Hydrogen astatide, also known as astatine hydride, astatane, astatidohydrogen or hydroastatic acid, is a chemical compound with the chemical formula HAt, consisting of an astatine atom covalently bonded to a hydrogen atom. It thus is a hydrogen halide.

This chemical compound can dissolve in water to form hydroastatic acid, which exhibits properties very similar to the other five binary acids, and is in fact the strongest among them. However, it is limited in use due to its ready decomposition into elemental hydrogen and astatine, as well as the short half-life of the various isotopes of astatine. Because the atoms have a nearly equal electronegativity, and as the At+ ion has been observed, dissociation could easily result in the hydrogen carrying the negative charge. Thus, a hydrogen astatide sample can undergo the following reaction:

2 HAt → H+ + At− + H− + At+ → H2 + At2

This results in elemental hydrogen gas and astatine precipitate. Furthermore, a trend for hydrogen halides, or HX, is that enthalpy of formation becomes less negative, i.e., decreases in magnitude but increases in absolute terms, as the halide becomes larger. Whereas hydroiodic acid solutions are stable, the hydronium-astatide solution is clearly less stable than the water-hydrogen-astatine system. Finally, radiolysis from astatine nuclei could sever the H–At bonds.

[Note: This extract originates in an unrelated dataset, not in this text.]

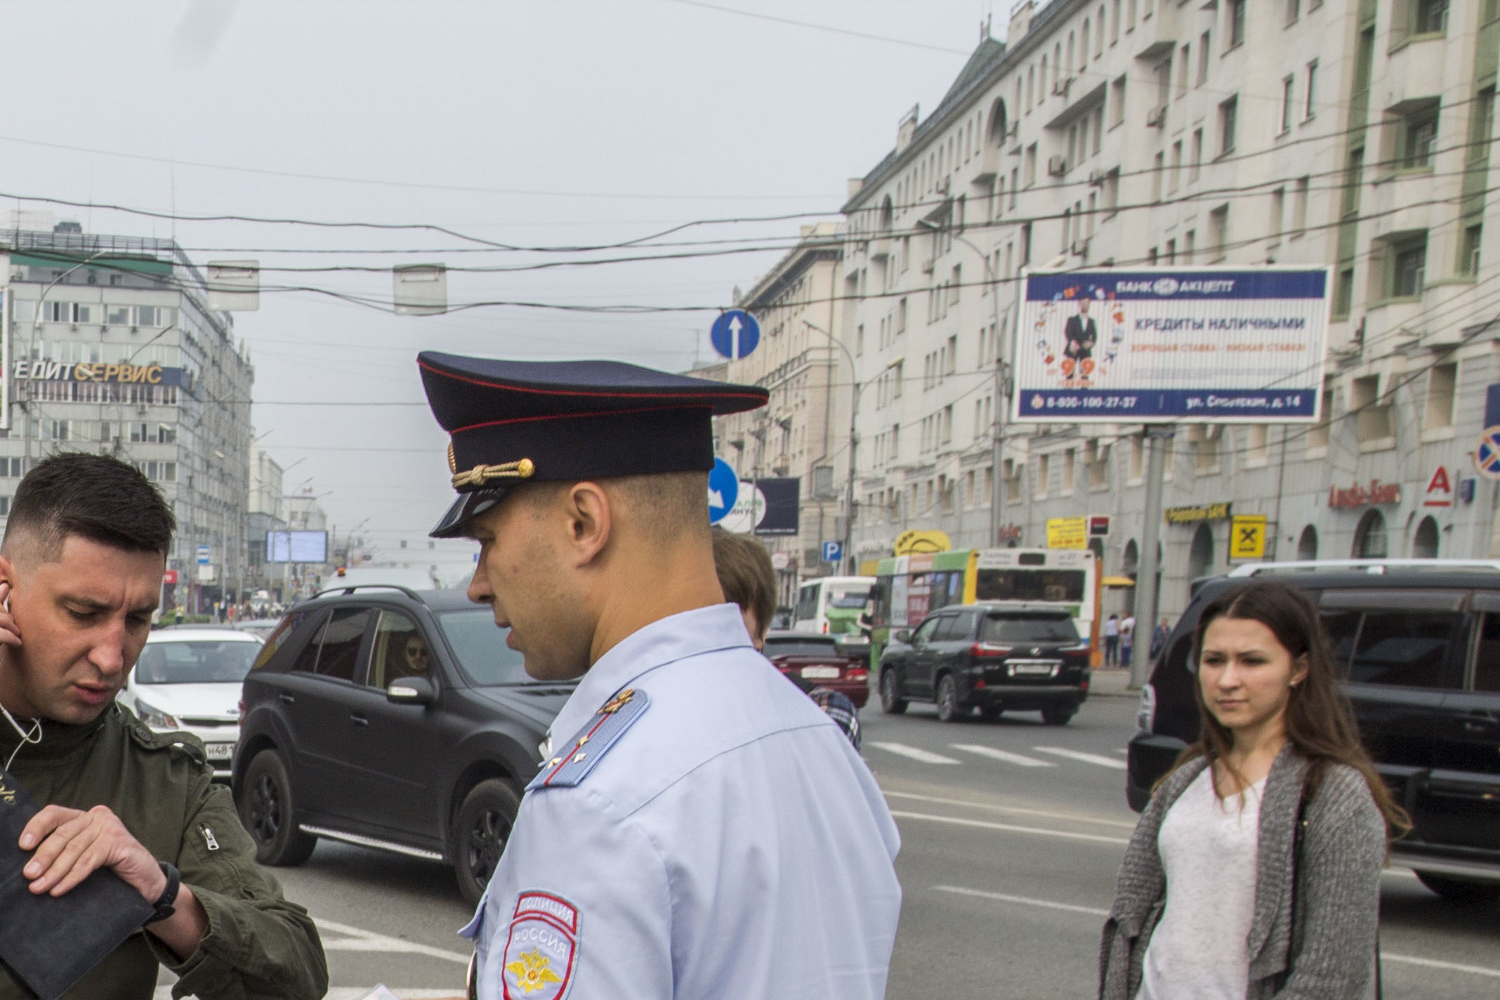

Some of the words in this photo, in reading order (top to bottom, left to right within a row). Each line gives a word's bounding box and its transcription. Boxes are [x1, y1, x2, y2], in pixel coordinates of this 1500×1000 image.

Additionally, astatine has no stable isotopes. The most stable is astatine-210, which has a half-life of approximately 8.1 hours, making its chemical compounds especially difficult to work with, as the astatine will quickly decay into other elements.

==Preparation==
Hydrogen astatide can be produced by reacting astatine with hydrocarbons (such as ethane):
C2H6 + At2 → C2H5At + HAt
This reaction also produces the corresponding alkyl astatide, in this case ethyl astatide (astatoethane).